Cellular Carry-Save Algorithm The following carry–save algorithm differs from the ripple-carry algorithm 5.4 by the indexing loops and a final adding stage loop. The basic concepts of carry-save adders (CSAs, Chapter 4) are applied in the way carries are saved from one loop to the other one, allowing more parallelism in the cell computation.
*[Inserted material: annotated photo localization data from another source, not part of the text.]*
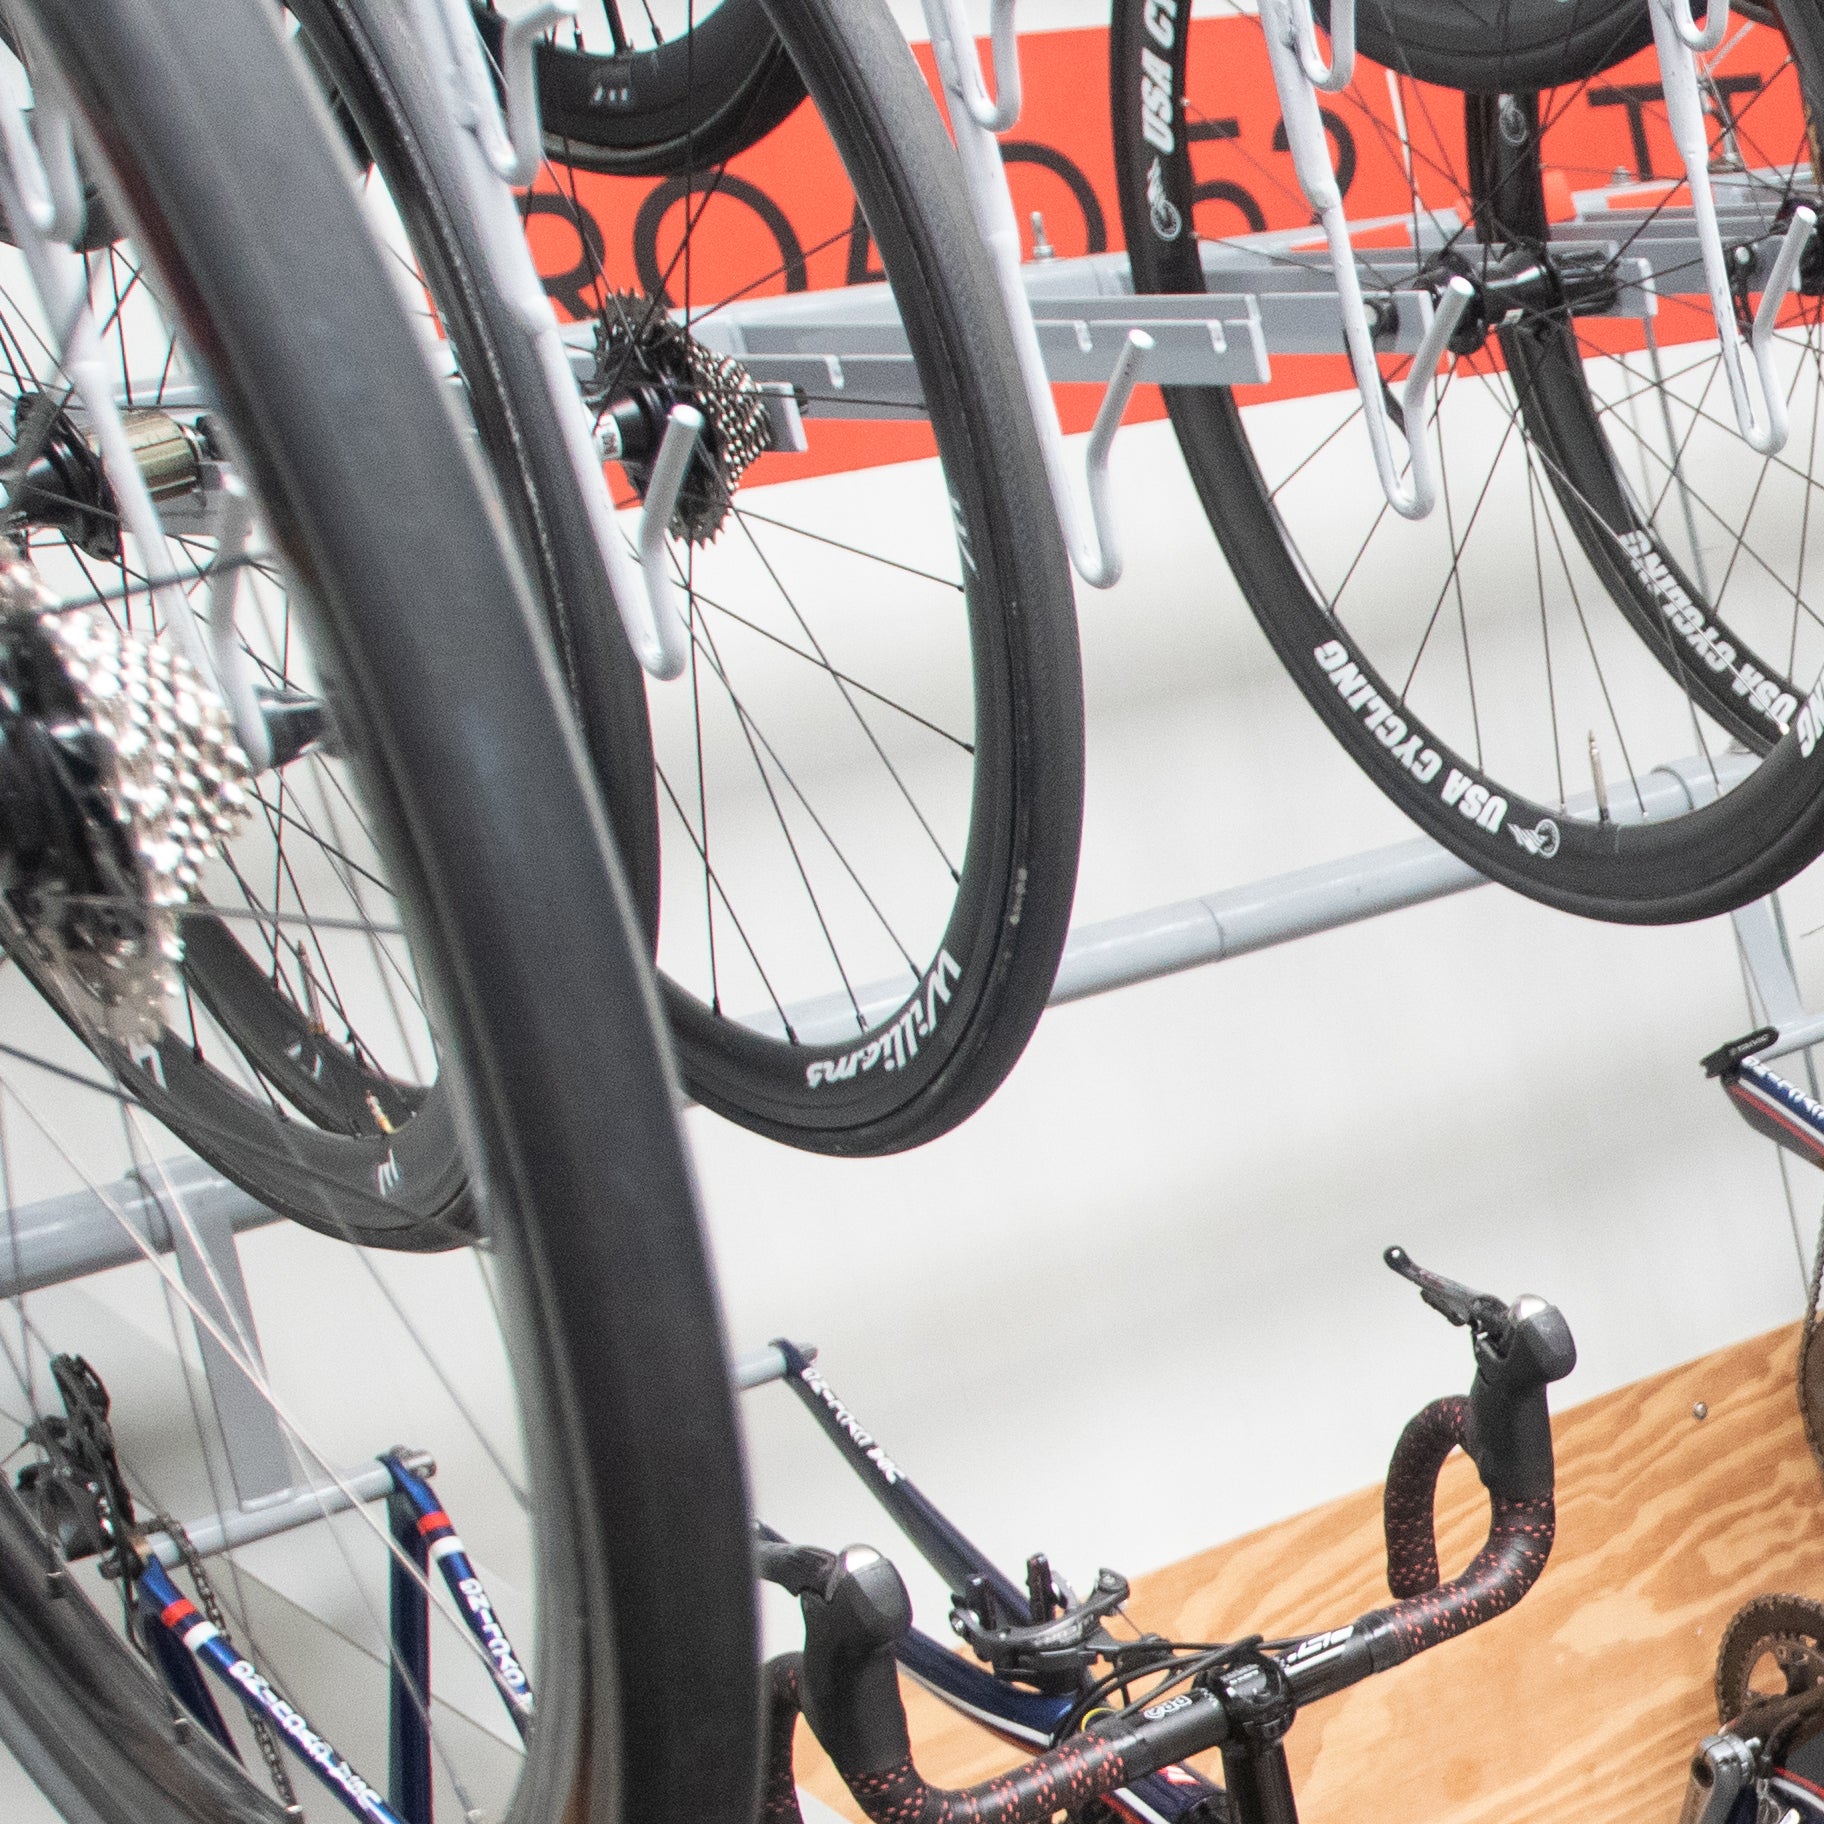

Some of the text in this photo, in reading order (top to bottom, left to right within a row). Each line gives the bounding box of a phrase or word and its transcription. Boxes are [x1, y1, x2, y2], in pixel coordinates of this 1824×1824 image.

[1141, 46, 1175, 155] USA
[1618, 530, 1799, 729] USA CYCLING
[1314, 639, 1509, 832] USA CYCLING
[806, 949, 962, 1089] Williams
[800, 1365, 907, 1485] USA CYCLING
[229, 1656, 336, 1765] CYCLING
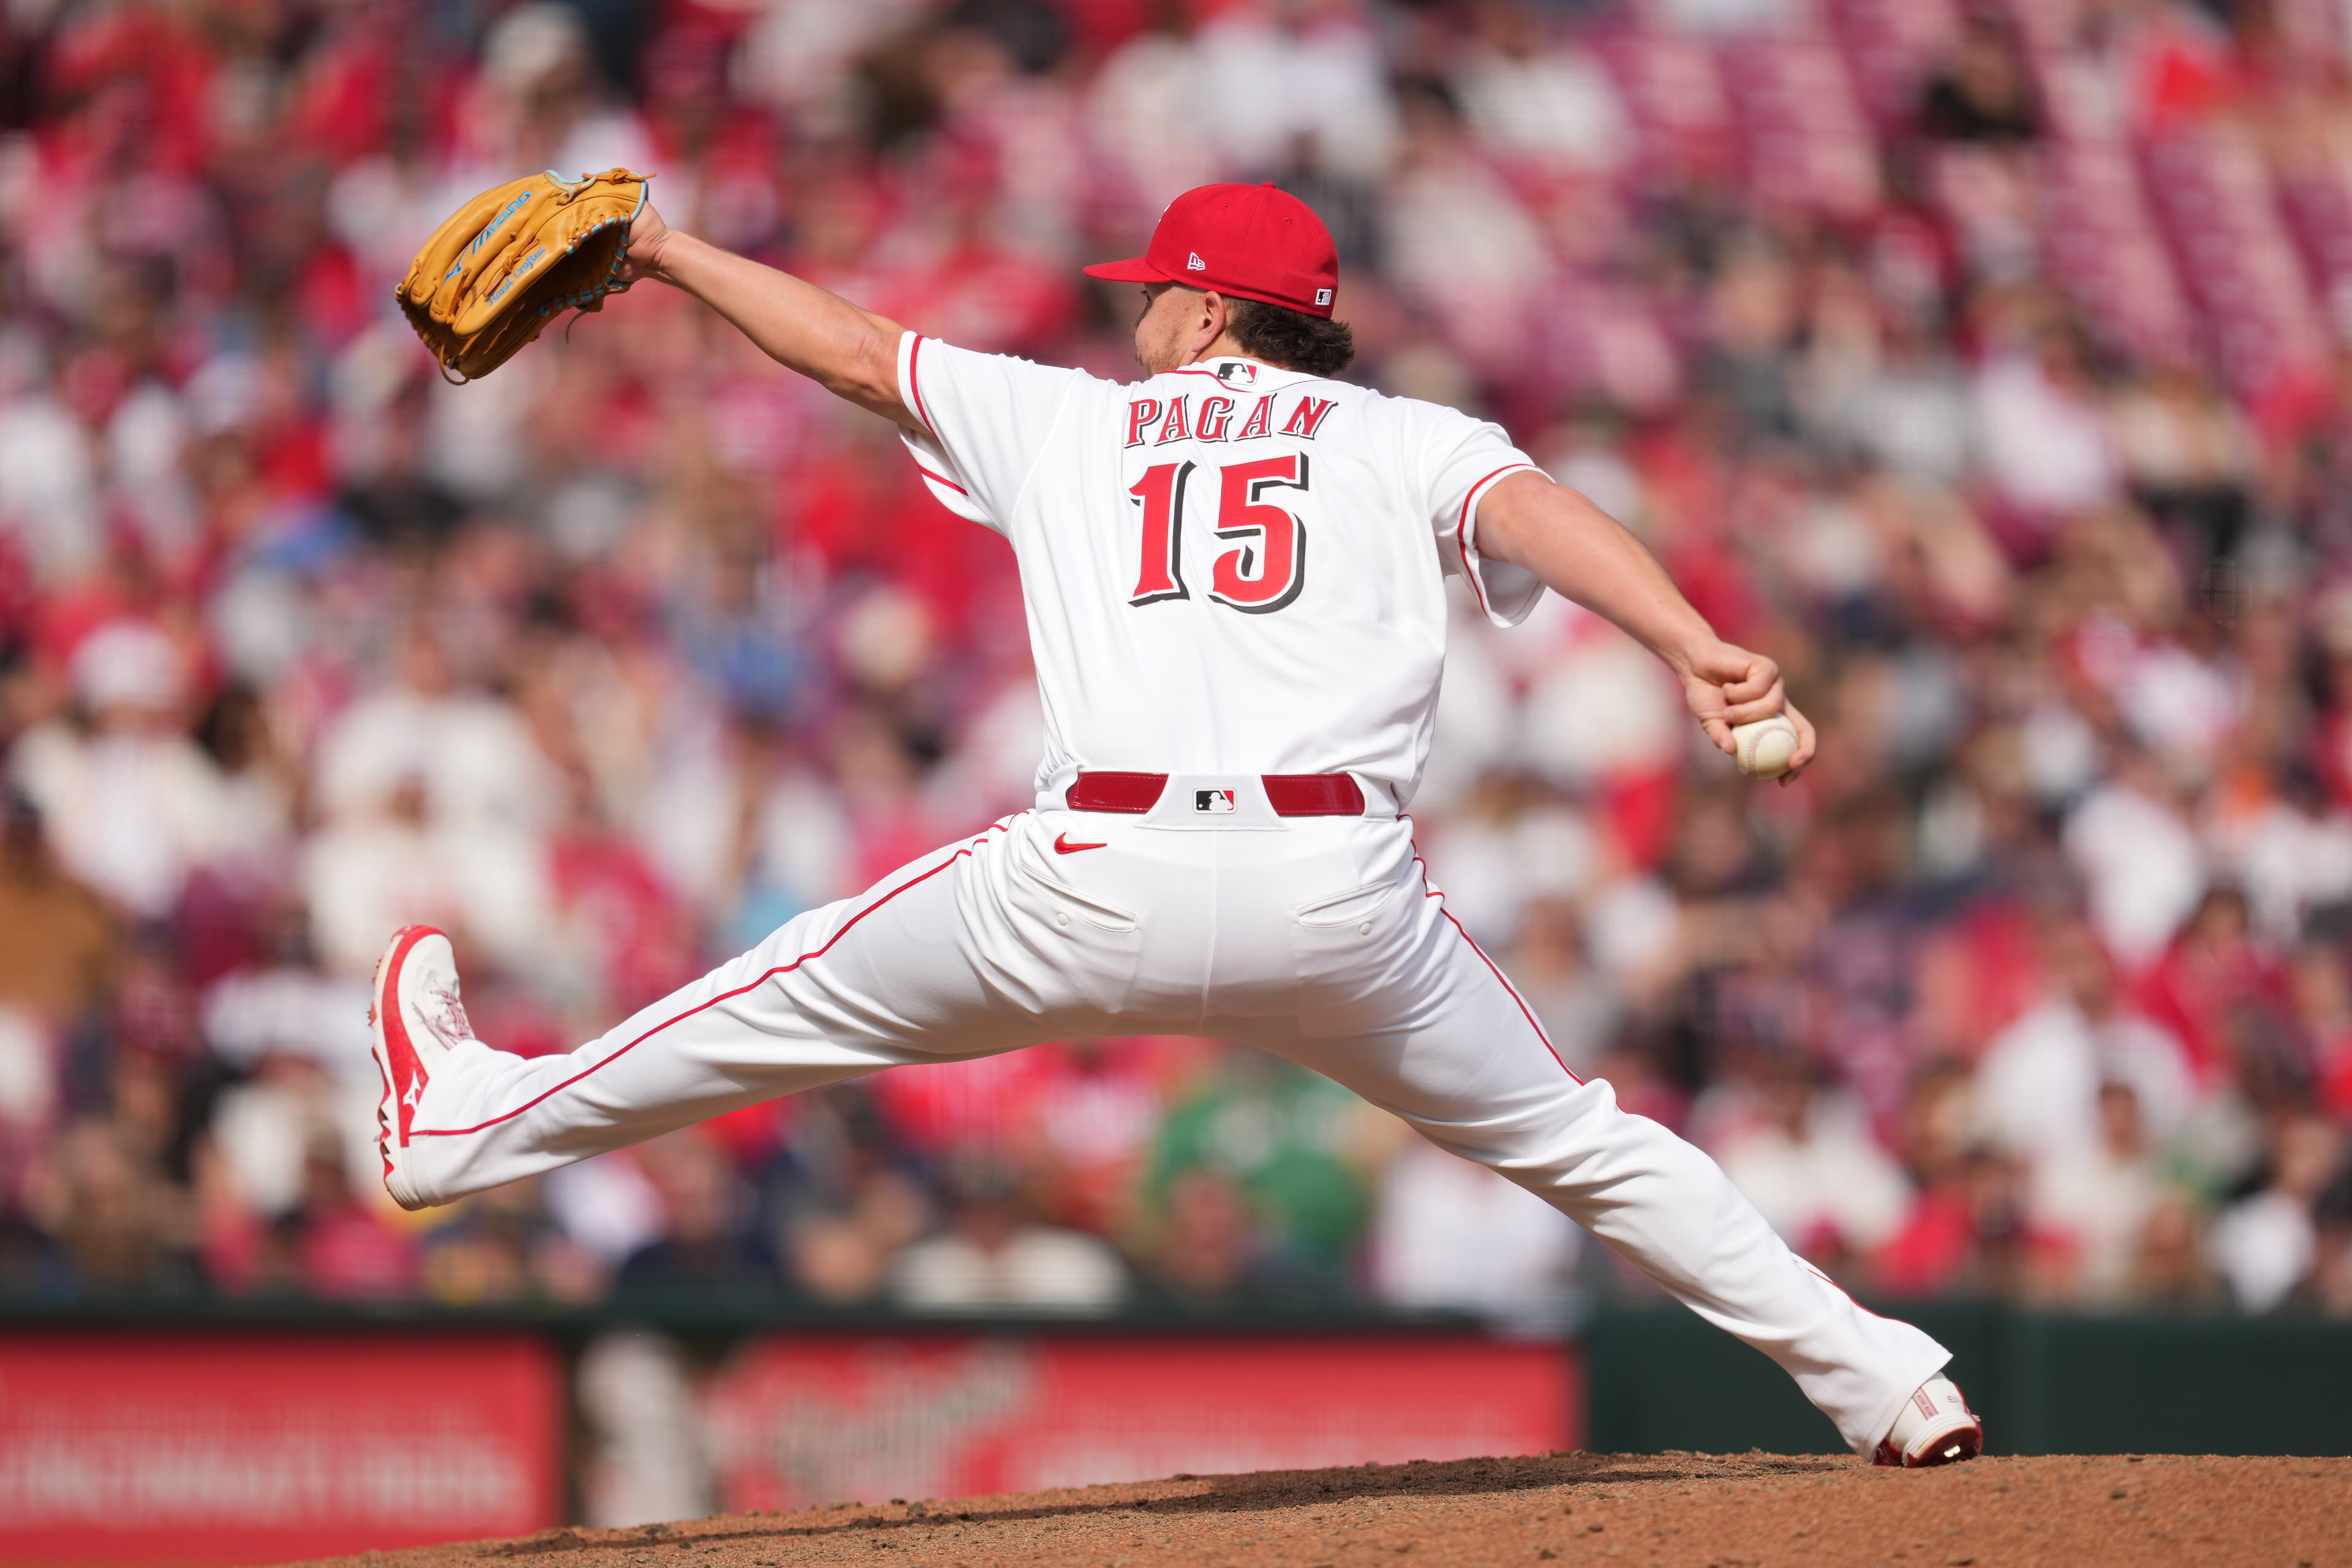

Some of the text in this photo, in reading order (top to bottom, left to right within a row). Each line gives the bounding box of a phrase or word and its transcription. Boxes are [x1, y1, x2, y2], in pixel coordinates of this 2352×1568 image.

The precedence graph of the carry-save multiplication algorithm for n = 3, m = 4, is shown in Figure 5.3.

Algorithm 5.5 Carry-Save

(Symbol / stands for integer division)

for j in 0..m-1 loop p(0, j):=D(j); carry(0, j):=C(j); end
loop;
for i in 0..n-2 loop p(i+1, m+i):=0; end loop;
for i in 0..n-1 loop
    for j in 0..i-1 loop p(i+1, j):=p(i, j); end loop;
    for j in 0..m-1 loop
      p(i+1, i+j):=(p(i, i+j)+X(i)*Y(j)+carry(i, j)) mod B;
      carry(i+1, j):=(p(i, i+j)+X(i)*Y(j)+carry(i, j))/B;
    end loop;
end loop;
for j in 0..n-1 loop Z(j):=p(n, j); end loop;
k(0):=0; p(n, n+m-1):=0;
for j in 0..m-1 loop
  Z(j+n):=(p(n, n+j)+c(n, j)+k(j)) mod B;
  k(j+1):=(p(n, n+j)+c(n, j)+k(j))/B;
end loop;

Figure 5.3 Carry-save multiplication algorithm-precedence graph (n = 3; m = 4).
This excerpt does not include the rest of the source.